## What to work on
Images do not belong in the copy. Set down all the entries exactly.

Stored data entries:
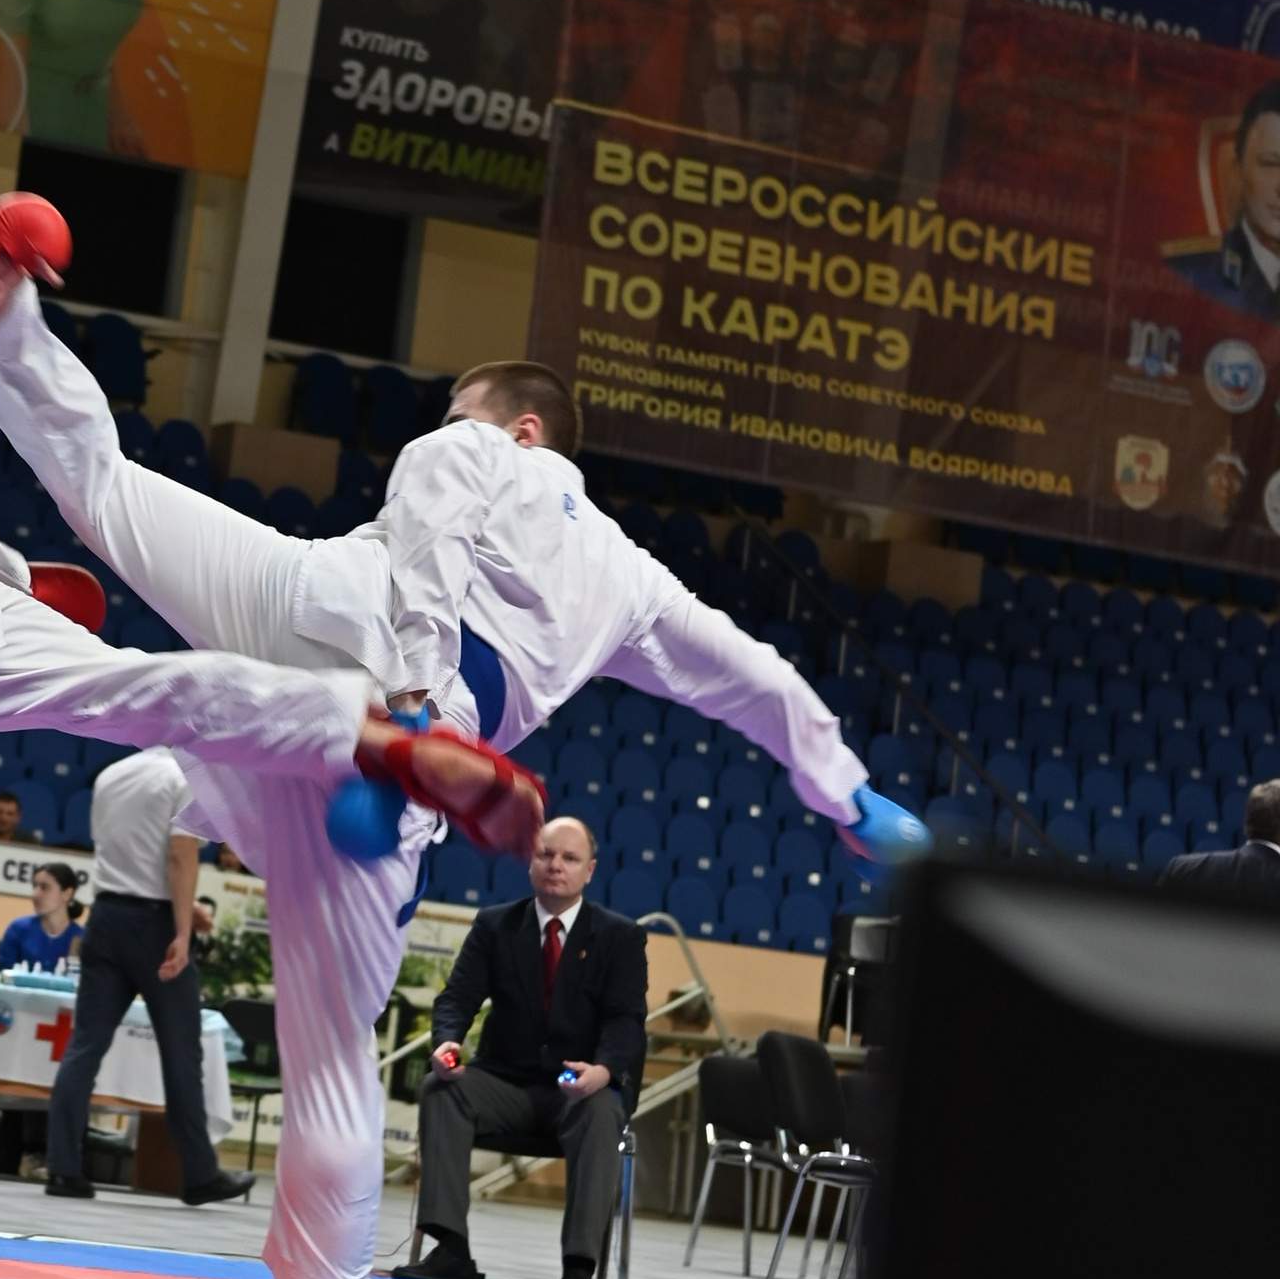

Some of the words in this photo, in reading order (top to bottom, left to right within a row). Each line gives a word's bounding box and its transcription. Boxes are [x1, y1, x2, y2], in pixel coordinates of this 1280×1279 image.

[339, 26, 430, 62] КУПИТЬ
[348, 122, 546, 195] ВИТАМИН
[593, 139, 1096, 286] ВСЕРОССИЙСКИЕ
[582, 265, 664, 320] ПО
[680, 285, 912, 372] КАРАТЭ
[588, 204, 1057, 340] СОРЕВНОВАНИЯ
[576, 354, 726, 400] ПОЛКОВНИКА
[579, 327, 650, 360] КУБОК
[656, 345, 749, 378] ПАМЯТИ
[753, 363, 822, 395] ГЕРОЯ
[826, 378, 965, 422] СОВЕТСКОГО
[970, 405, 1048, 437] СОЮЗА
[573, 380, 722, 430] ГРИГОРИЯ
[729, 411, 900, 466] ИВАНОВИЧА
[909, 446, 1073, 498] БОЯРИНОВА

## Finished task
Some of the words in this photo, in reading order (top to bottom, left to right within a row). Each line gives a word's bounding box and its transcription. Boxes are [x1, y1, x2, y2], in pixel coordinates of this 1280×1279 image.

[339, 26, 430, 62] КУПИТЬ
[348, 122, 546, 195] ВИТАМИН
[593, 139, 1096, 286] ВСЕРОССИЙСКИЕ
[582, 265, 664, 320] ПО
[680, 285, 912, 372] КАРАТЭ
[588, 204, 1057, 340] СОРЕВНОВАНИЯ
[576, 354, 726, 400] ПОЛКОВНИКА
[579, 327, 650, 360] КУБОК
[656, 345, 749, 378] ПАМЯТИ
[753, 363, 822, 395] ГЕРОЯ
[826, 378, 965, 422] СОВЕТСКОГО
[970, 405, 1048, 437] СОЮЗА
[573, 380, 722, 430] ГРИГОРИЯ
[729, 411, 900, 466] ИВАНОВИЧА
[909, 446, 1073, 498] БОЯРИНОВА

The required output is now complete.